§ What you will do:
The entries below must be retyped exactly. Pictures are to be omitted.

(Entries taken from a collection)
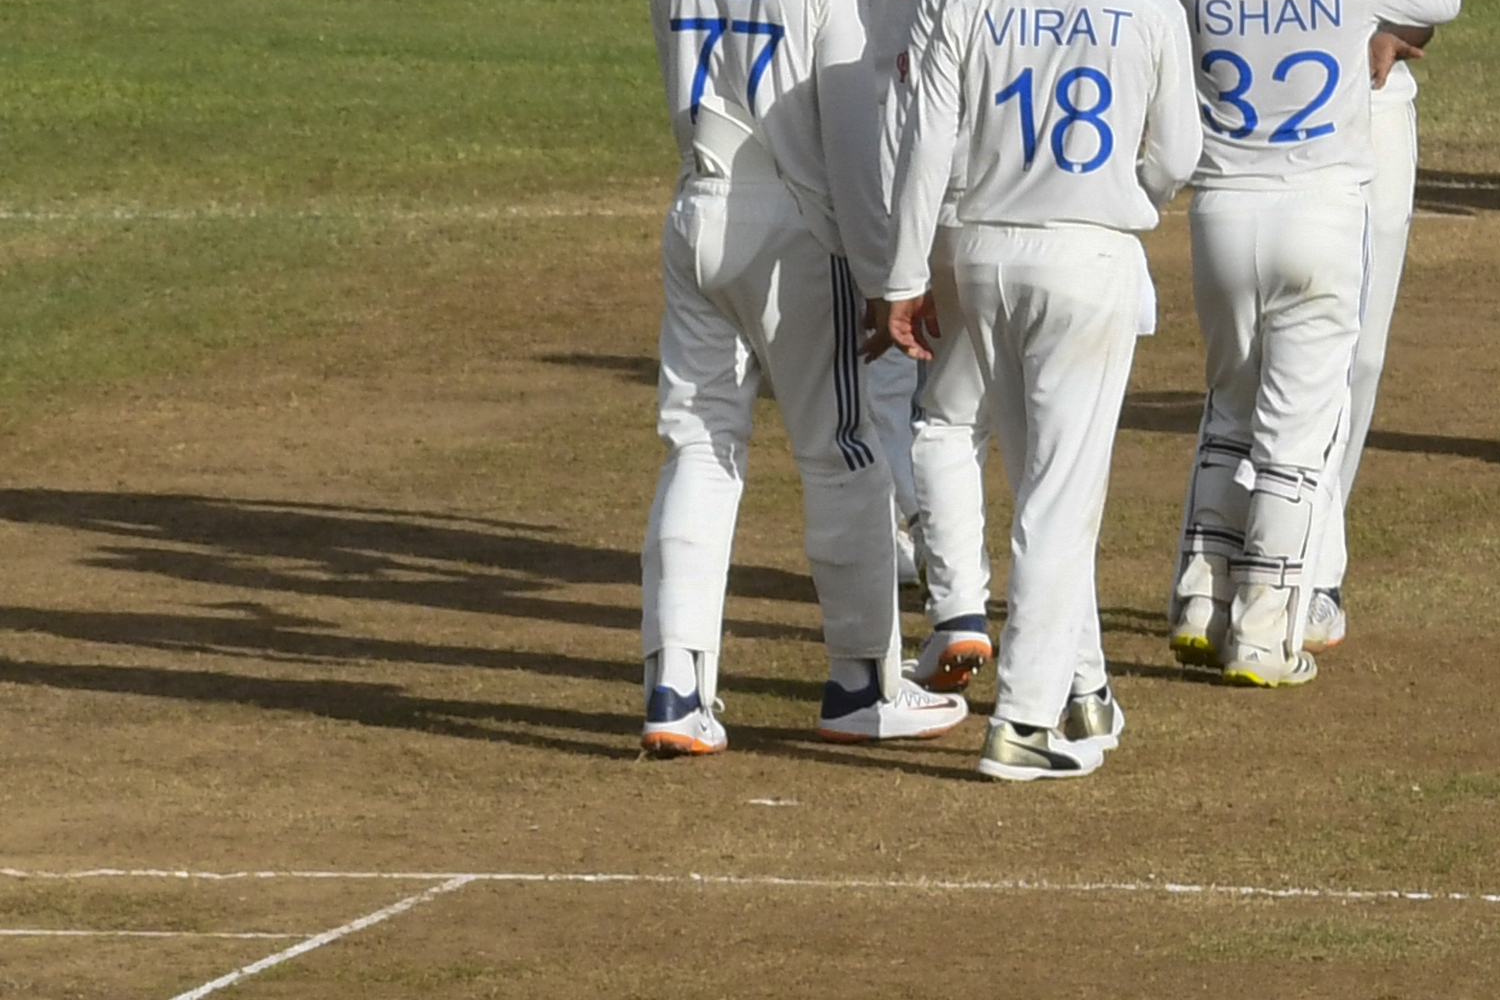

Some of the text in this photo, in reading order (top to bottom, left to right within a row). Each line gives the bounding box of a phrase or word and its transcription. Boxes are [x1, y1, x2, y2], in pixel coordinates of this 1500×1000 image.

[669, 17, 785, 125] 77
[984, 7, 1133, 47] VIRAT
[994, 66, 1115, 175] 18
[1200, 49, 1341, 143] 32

§ Result of this task:
Some of the text in this photo, in reading order (top to bottom, left to right within a row). Each line gives the bounding box of a phrase or word and its transcription. Boxes are [x1, y1, x2, y2], in pixel coordinates of this 1500×1000 image.

[669, 17, 785, 125] 77
[984, 7, 1133, 47] VIRAT
[994, 66, 1115, 175] 18
[1200, 49, 1341, 143] 32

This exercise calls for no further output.